By the end of those four years, Lincoln’s ambition was perhaps a mad one. How it would have fared had he himself survived to preside over the postwar settlement one cannot know. But the North could at least enjoy its victory as recompense for the losses it had taken, while the South was left with a well of bitterness that at certain moments and in certain places can be freshly tapped until this very day. In any case, Lincoln did not live, and few were the men in Washington who had had his grit to begin with or shared in his wisdom at the end.
Winik concludes his account of the blackest years in American history on a surprisingly fruity note:
The nation. For all the changes, the nation was now a powerful, compelling, enthralling idea, a symbol of a sturdy country, an embodiment of an enduring people, an arena for the peaceful resolution of difference, the stitch in the fabric that even the Founders missed.
In fact, it would take something like another 50 or 60 years, the settlement of the whole country, the establishment of all of the continental 48 states, the introduction of a variety of new populations from abroad, and the beginning of the long, slow industrialization of the South before it could truly be said that the Founders’ fabric had withstood the test.
But I do not mean to cavil. The main achievement of Winik’s book is the way it succeeds in so vividly reminding us that in the end the fate of this society—and no doubt of every democratic society—must sooner or later hang on the ability of brave men to call on others to be as brave as they.

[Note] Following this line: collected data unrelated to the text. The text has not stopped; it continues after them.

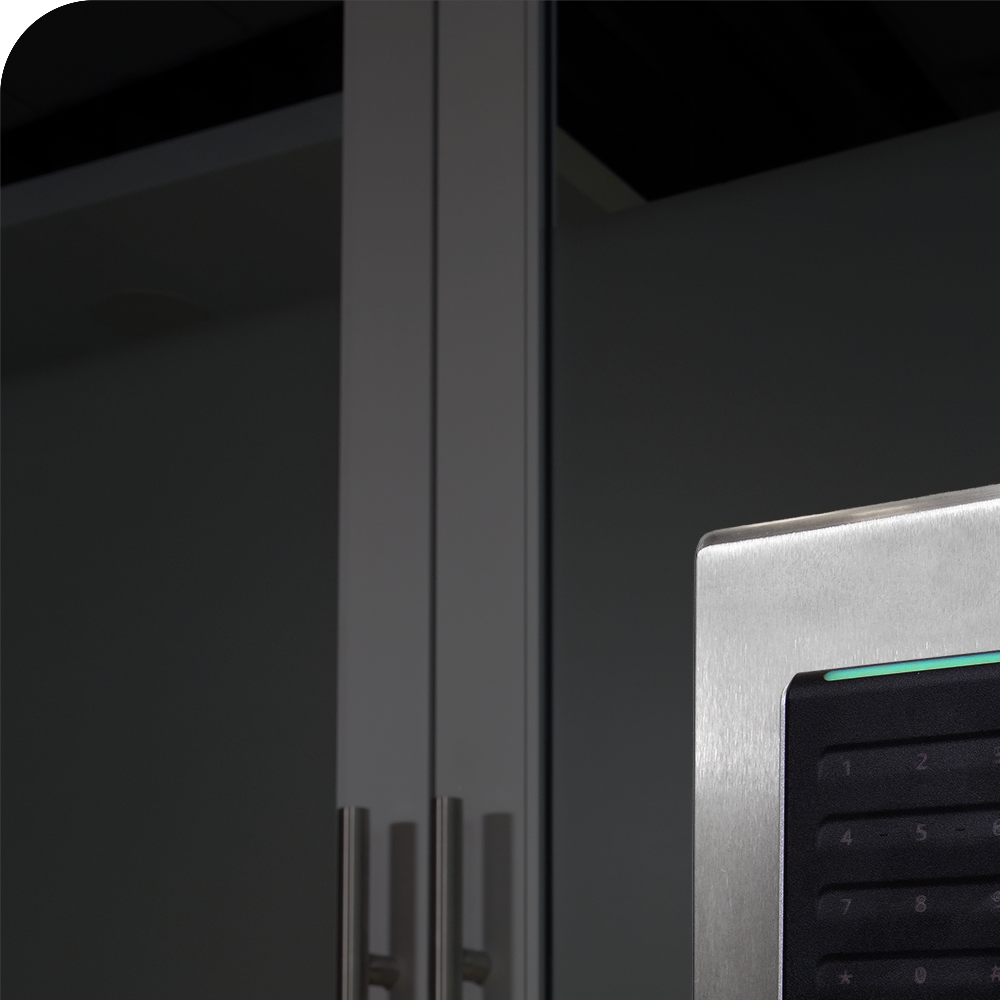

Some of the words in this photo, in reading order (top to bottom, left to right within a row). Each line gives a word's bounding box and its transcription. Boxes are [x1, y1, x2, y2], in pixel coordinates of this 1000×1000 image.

[842, 760, 851, 776] 1
[917, 753, 928, 771] 2
[840, 829, 852, 846] 4
[916, 823, 928, 841] 5
[840, 898, 852, 915] 7
[914, 895, 926, 913] 8
[915, 967, 926, 984] 0

In the case of the South this was no simple thing. The South’s men were brave, certainly as brave as Grant’s and Sherman’s, but they came from, and were fighting for, a deeply flawed society. For all their courage, somewhere in their being they had to have been affected by an impediment beyond the admittedly critical fact that the South was an agrarian society fighting against an industrialized one. True, they were fighting for their very homes, while the Yankees were fighting for an abstraction called the Union. But they had to have been touched by the institution of slavery in the way that Thomas Jefferson had been touched by it when he said, “I tremble for my country when I consider that God is just.”
Still, the men on both sides carried on bravely, as Winik describes their doing at Wilderness and Spotsylvania and Cold Harbor, stepping over their comrades’ and enemies’ burned and blood-soaked corpses in order to advance, or at least to resist being pushed back. To this day, and despite the thousands of pages devoted to such battles by historians, the ghastliness of those days in America’s final coming-into-being does not fade.
But that war also happened long ago, and it bears no relation to the kind of sorrow that was being invoked at the Memorial Day ceremony in Jerusalem. Why, in the face of all the terrors that have since befallen the world, and particularly the Jews, should I have been reminded of it? I think it was those pictures being flashed on the screen.
There are, to be sure, Civil War memorials of some kind standing in parks or greens in virtually every city, town, and village in the Eastern and Central United States, North and South. These are usually monuments with plaques designating the regiment, or regiments, to which the young men from that town or city were attached. In certain private clubs and colleges there are also collections of plaques memorializing members or students who fell in the war. But monuments and brass plaques are inevitably abstractions; pictures of faces say and do something else.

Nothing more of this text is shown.